Pero si el violín insuperable de Isabelle Faust es protagonista, no está, lo sabemos, sola, ni se lleva la parte más congrua. Ahí están, en formación tímbrica, instrumentos sutiles como la celesta o el laúd; la presencia habitual de los recorridos de las arpas; unas percusiones tan distintivas como el vibráfono, los crótalos, las campanitas, los tres triángulos. El juego de las maderas, desde el piccolo hacia “arriba” (es decir, descendiendo); la ocasional gravedad del metal; el apoyo de las cuerdas, de lo chirriante (si se tercia) a lo más grave de los contrabajos, todo un apoyo a la dramaturgia del concierto, no a los instrumentos ajenos a la familia de la cuerda, solo que juntos forman eso que va a desplegarse en timbres y en episodios imprevisibles. Qué inquietante placer escuchar música que no prevés, sin necesidad de que te sorpresa ni te de sustos.
Primera parte: gran triunfo de Pierre Bleuse y, en especial, de Isabelle Faust. Es el virtuosismo inteligente al tiempo que brillante. Discúlpenme mi atrevimiento al “descubrirles” la altura artística de Isabelle Faust.

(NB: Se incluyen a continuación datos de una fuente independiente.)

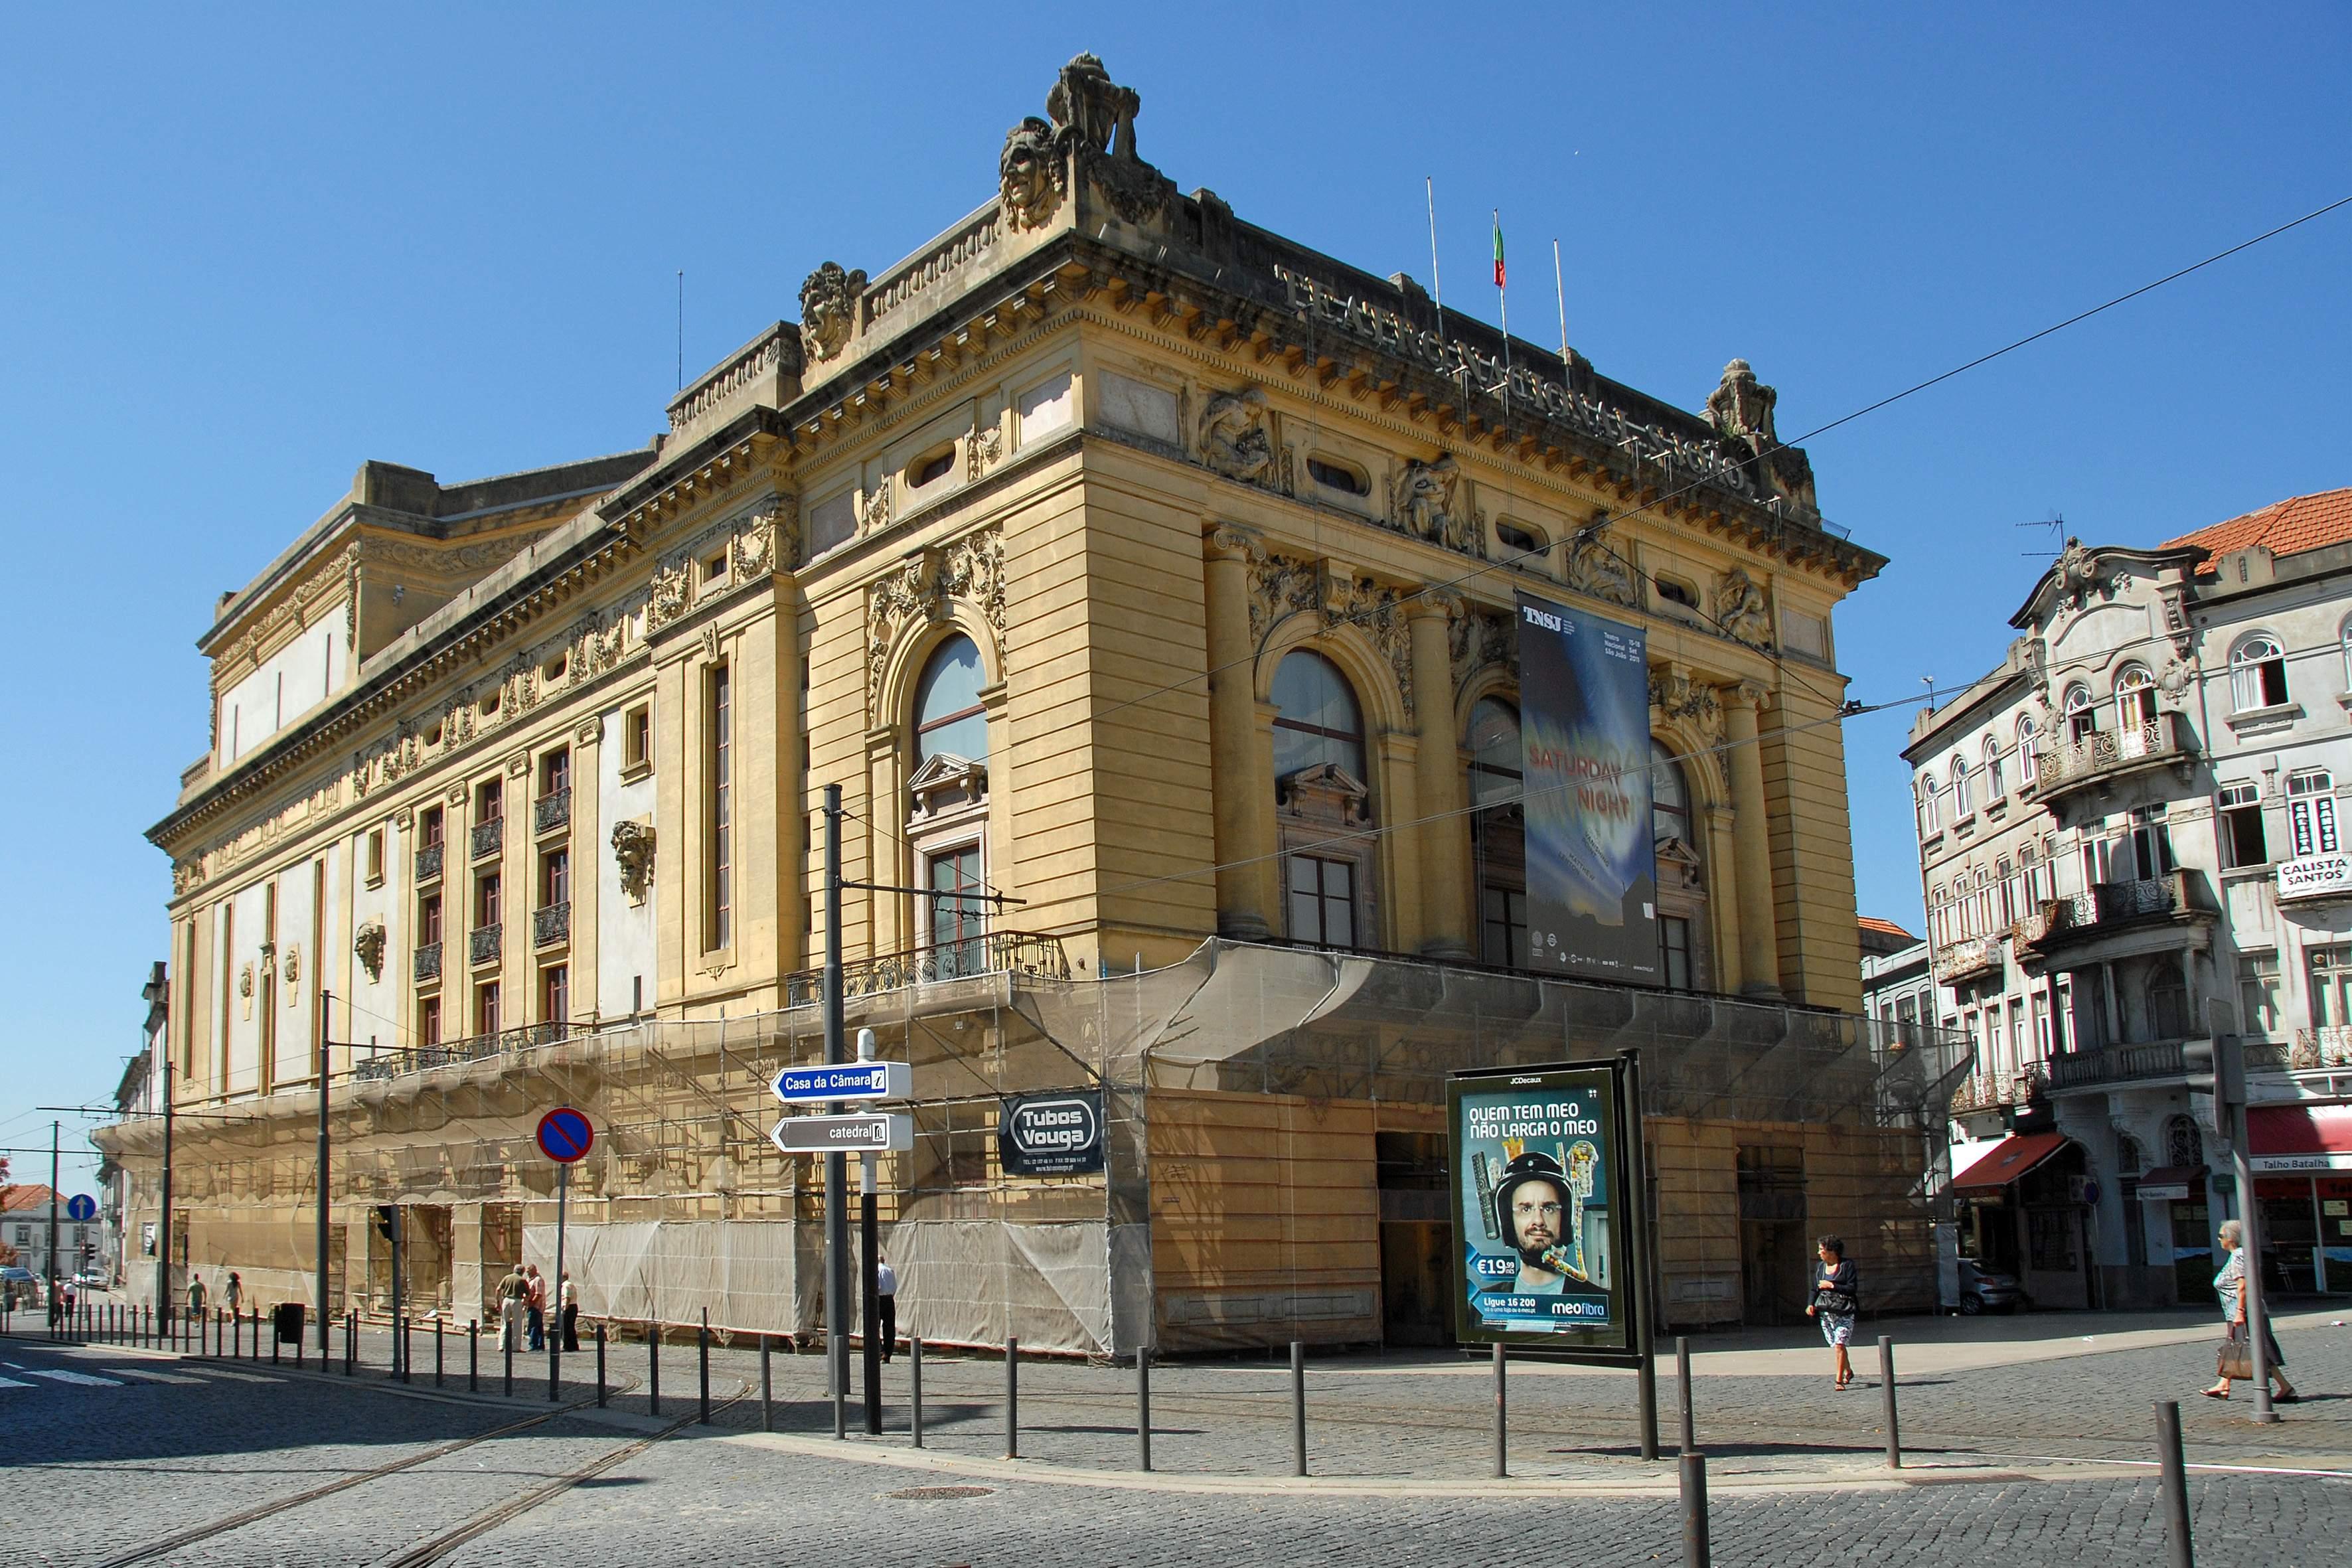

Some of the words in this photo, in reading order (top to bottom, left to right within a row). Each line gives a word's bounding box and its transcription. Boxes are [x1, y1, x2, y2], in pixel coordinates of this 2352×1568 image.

[1273, 264, 1449, 366] TEATRO
[1452, 339, 1637, 449] NACIONAL
[1523, 605, 1561, 632] TNSJ
[1604, 632, 1620, 642] Teatro
[1604, 640, 1626, 651] Nacional
[1529, 744, 1621, 785] SATURDAY
[1578, 787, 1630, 821] NIGHT
[2295, 805, 2312, 853] CALISTA
[2319, 801, 2335, 849] SANTOS
[2282, 859, 2348, 875] CALISTA
[2288, 870, 2343, 885] SANTOS
[785, 1077, 811, 1090] Casa
[814, 1075, 826, 1088] da
[830, 1074, 871, 1087] Câmara
[1022, 1109, 1083, 1127] Tubos
[1469, 1106, 1510, 1124] QUEM
[1512, 1105, 1543, 1119] TEM
[1546, 1103, 1579, 1118] MEO
[830, 1125, 872, 1138] catedral
[1470, 1121, 1498, 1138] NÃO
[1502, 1122, 1547, 1137] LARGA
[1550, 1121, 1560, 1136] O
[1564, 1119, 1597, 1135] MEO
[1022, 1129, 1083, 1148] Vouga
[1484, 1297, 1506, 1307] Ligue
[1508, 1298, 1518, 1306] 16
[1520, 1298, 1536, 1307] 200
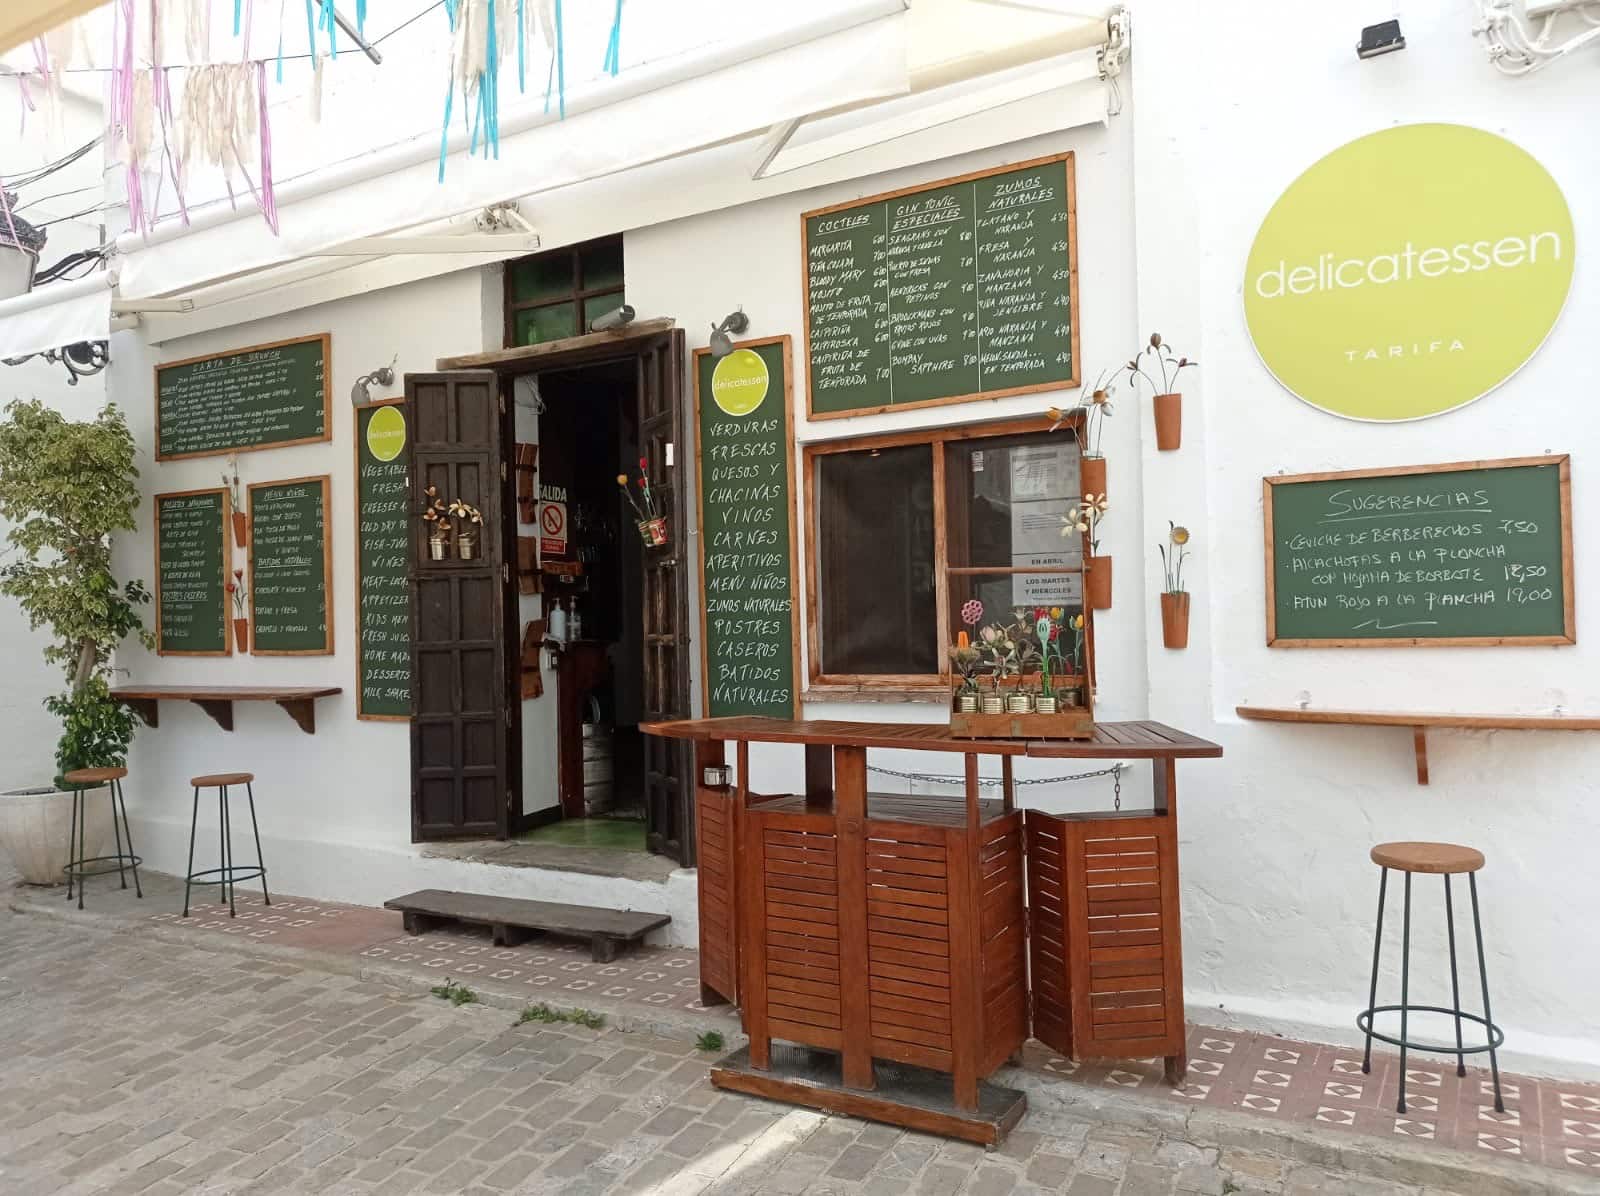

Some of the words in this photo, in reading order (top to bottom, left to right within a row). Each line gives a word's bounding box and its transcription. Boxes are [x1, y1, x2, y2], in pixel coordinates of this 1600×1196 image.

[996, 176, 1041, 195] ZUMOS
[988, 187, 1054, 208] NATURALES
[896, 203, 920, 216] GIN
[818, 214, 870, 232] COCTELES
[892, 208, 960, 230] ESPECIALES
[977, 212, 1020, 227] PLATANO
[1026, 209, 1034, 220] Y
[994, 220, 1034, 234] NARANJA
[810, 240, 852, 257] MARGARITA
[979, 241, 1009, 254] FRESA
[1023, 236, 1034, 248] Y
[993, 248, 1036, 262] NARANJA
[1256, 230, 1560, 298] delicatessen
[838, 268, 866, 283] MARY
[978, 266, 1030, 282] ZANAHORIA
[1037, 264, 1044, 276] Y
[934, 280, 952, 290] CON
[985, 277, 1032, 294] MANZANA
[810, 287, 843, 303] MOJITO
[848, 295, 872, 306] FRUTA
[998, 292, 1036, 306] NARANJA
[1040, 290, 1048, 299] Y
[940, 308, 956, 316] CON
[998, 320, 1037, 334] NARANJA
[1041, 320, 1048, 328] Y
[914, 336, 928, 346] CON
[928, 334, 948, 344] UVAS
[989, 332, 1034, 348] MANZANA
[856, 349, 871, 358] DE
[1346, 339, 1464, 361] TARIFA
[891, 353, 924, 366] BOMBAY
[1000, 359, 1045, 373] TEMPORADA
[821, 364, 845, 376] FRUTA
[850, 362, 864, 371] DE
[819, 374, 868, 390] TEMPORADA
[710, 419, 778, 437] VERDURAS
[710, 442, 777, 462] FRESCAS
[712, 464, 760, 481] QUESOS
[770, 462, 780, 476] Y
[709, 484, 781, 504] CHACINAS
[362, 501, 398, 514] CHEESES
[722, 506, 775, 524] VINOS
[713, 530, 778, 549] CARNES
[1290, 534, 1342, 550] CEVICHE
[1345, 532, 1368, 544] DE
[1370, 524, 1482, 542] BERBERECHOS
[707, 554, 782, 572] APERITIVOS
[1390, 551, 1401, 564] A
[1408, 550, 1426, 561] LA
[750, 572, 786, 591] NIÑOS
[1312, 572, 1336, 585] CON
[1395, 570, 1414, 583] DE
[707, 600, 740, 612] ZUMOS
[744, 599, 793, 615] NATURALES
[1294, 595, 1327, 609] ATUN
[1378, 595, 1388, 606] A
[1396, 594, 1416, 606] LA
[1424, 590, 1495, 612] PLANCHA
[366, 612, 388, 626] KIDS
[714, 618, 781, 638] POSTRES
[362, 629, 387, 644] FRESH
[364, 648, 387, 662] HOME
[717, 641, 780, 660] CASEROS
[366, 669, 410, 680] DESSERTS
[718, 664, 781, 682] BATIDOS
[364, 687, 382, 700] MILK
[713, 683, 788, 705] NATURALES

La segunda parte resultó ya realmente abrumadora en cuanto al arte de la orquestación, el manejo de las dinámicas y, además, la sugerencia de las cosas, los pasos, la danza, el canto. El Preludio a la siesta de un fauno está fijado desde hace más de un siglo por la coreografía legendaria de Nijinski; pero algunos recordamos la deconstrucción que hacía Celibidache con esta obra, de manera que no se hubiese podido bailar con esas lentitudes. Después de todo, Debussy no la pensó para ballet, pero las músicas son a menudo danzas, ¿no es cierto? Después de un Fauno rico en invitaciones (magnífico solo flauta, espléndido recorrido nervioso, sin duda del fauno) llegó una Iberia soberbia, tres magníficos movimientos en los que pasan gentes y pasan fiestas, pasan coloridos y, nos aseguran, pasan olores, perfumes de la noche: sí, aceptémoslo, disfrutaremos más de esta orgía de timbres. Pero no pasan cosas, no hay relato; hay pintura, hay sugerencia. La emoción n o la proporciona el pathos, sino el color, que casi nos ciega. Pierre Bleuse y la Orquesta Nacional de España tuvieron uno de sus días buenos, de sus días mejores. Con el recuerdo de Péter Eötvös.